● **WHAT IS REQUIRED**
Pictures don't belong in the copy; print all the records exactly.

Excerpts from a dataset:
· · · ·
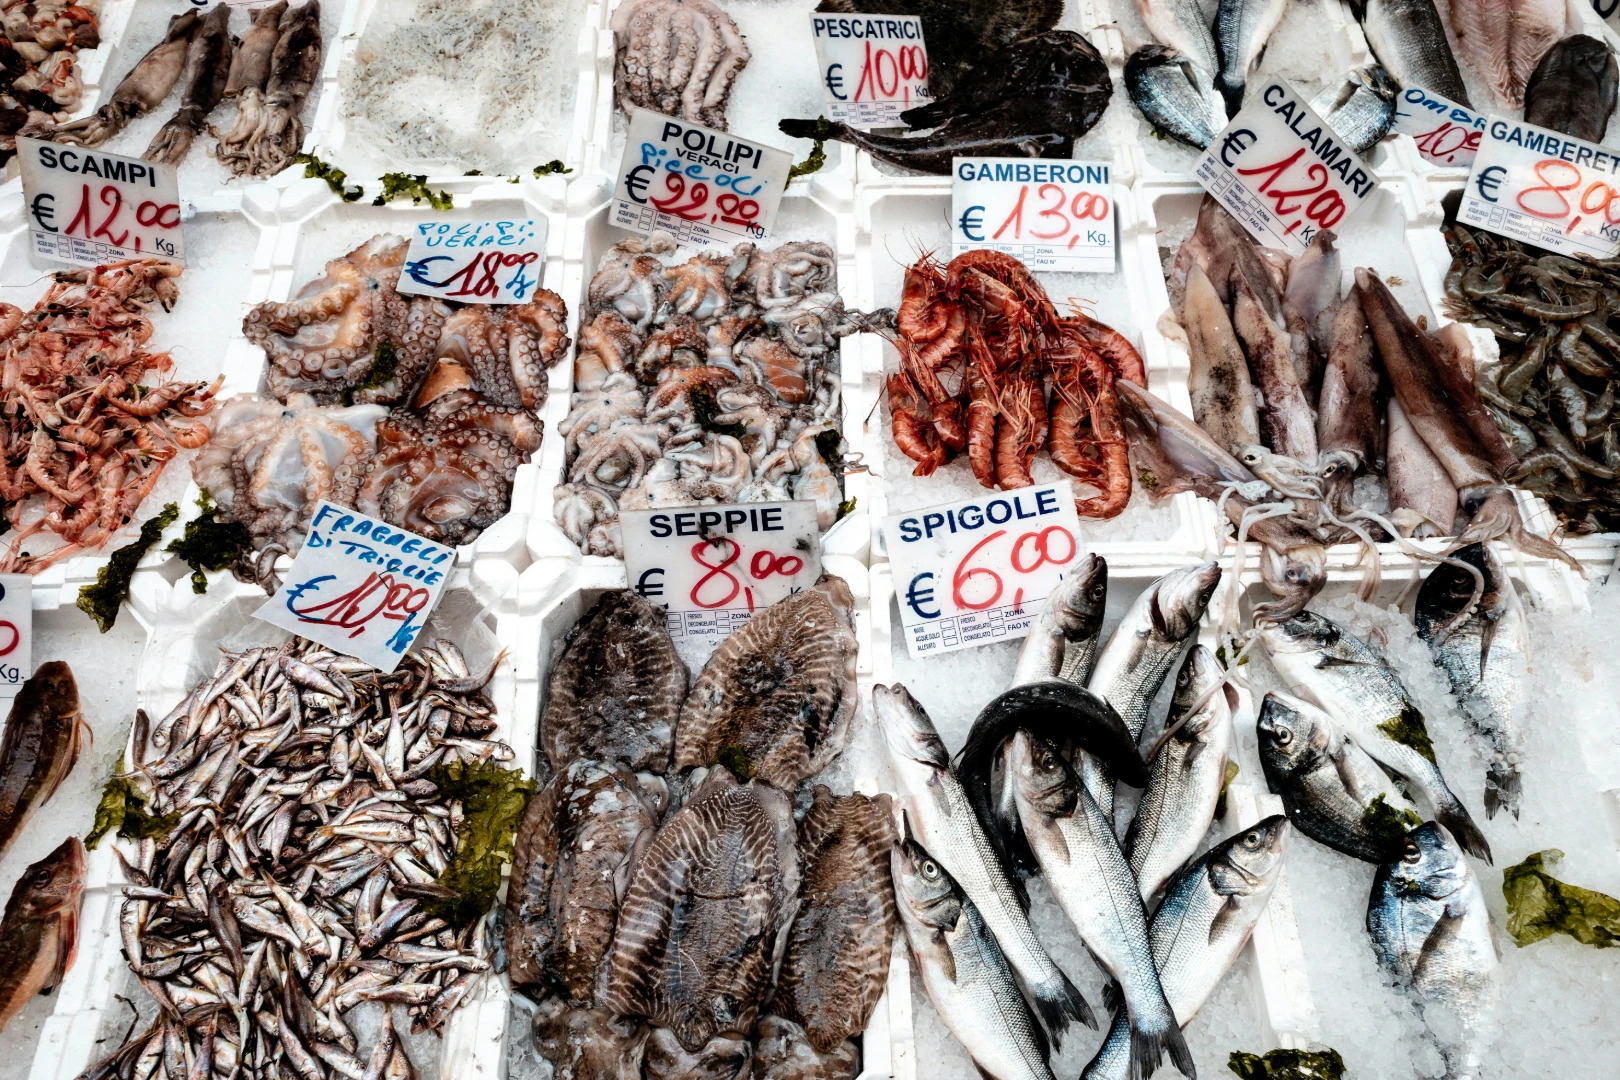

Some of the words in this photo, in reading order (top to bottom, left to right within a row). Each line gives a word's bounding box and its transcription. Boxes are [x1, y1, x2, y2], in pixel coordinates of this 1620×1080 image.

[813, 18, 921, 40] PESCATRICI
[825, 63, 848, 101] €
[661, 121, 763, 169] POLIPI
[1221, 128, 1258, 168] €
[1263, 84, 1375, 199] CALAMARI
[38, 146, 156, 188] SCAMPI
[675, 147, 740, 175] VERACI
[958, 162, 1109, 185] GAMBERONI
[624, 164, 656, 204] €
[1475, 165, 1508, 203] €
[30, 193, 59, 233] €
[958, 205, 986, 242] €
[1256, 208, 1271, 222] ZONA
[690, 236, 702, 244] FAO
[692, 225, 710, 235] ZONA
[1541, 236, 1554, 244] FAO
[1544, 225, 1562, 235] ZONA
[108, 248, 125, 257] ZONA
[649, 507, 785, 538] SEPPIE
[899, 489, 1060, 543] SPIGOLE
[634, 567, 669, 610] €
[905, 571, 941, 619] €
[731, 612, 752, 620] ZONA
[1004, 608, 1025, 618] ZONA
[1007, 622, 1021, 631] FAO
[963, 631, 991, 642] CONGELATO
· · · ·
● **ANSWER FOR THE TASK**
Some of the words in this photo, in reading order (top to bottom, left to right within a row). Each line gives a word's bounding box and its transcription. Boxes are [x1, y1, x2, y2], in pixel coordinates of this 1620×1080 image.

[813, 18, 921, 40] PESCATRICI
[825, 63, 848, 101] €
[661, 121, 763, 169] POLIPI
[1221, 128, 1258, 168] €
[1263, 84, 1375, 199] CALAMARI
[38, 146, 156, 188] SCAMPI
[675, 147, 740, 175] VERACI
[958, 162, 1109, 185] GAMBERONI
[624, 164, 656, 204] €
[1475, 165, 1508, 203] €
[30, 193, 59, 233] €
[958, 205, 986, 242] €
[1256, 208, 1271, 222] ZONA
[690, 236, 702, 244] FAO
[692, 225, 710, 235] ZONA
[1541, 236, 1554, 244] FAO
[1544, 225, 1562, 235] ZONA
[108, 248, 125, 257] ZONA
[649, 507, 785, 538] SEPPIE
[899, 489, 1060, 543] SPIGOLE
[634, 567, 669, 610] €
[905, 571, 941, 619] €
[731, 612, 752, 620] ZONA
[1004, 608, 1025, 618] ZONA
[1007, 622, 1021, 631] FAO
[963, 631, 991, 642] CONGELATO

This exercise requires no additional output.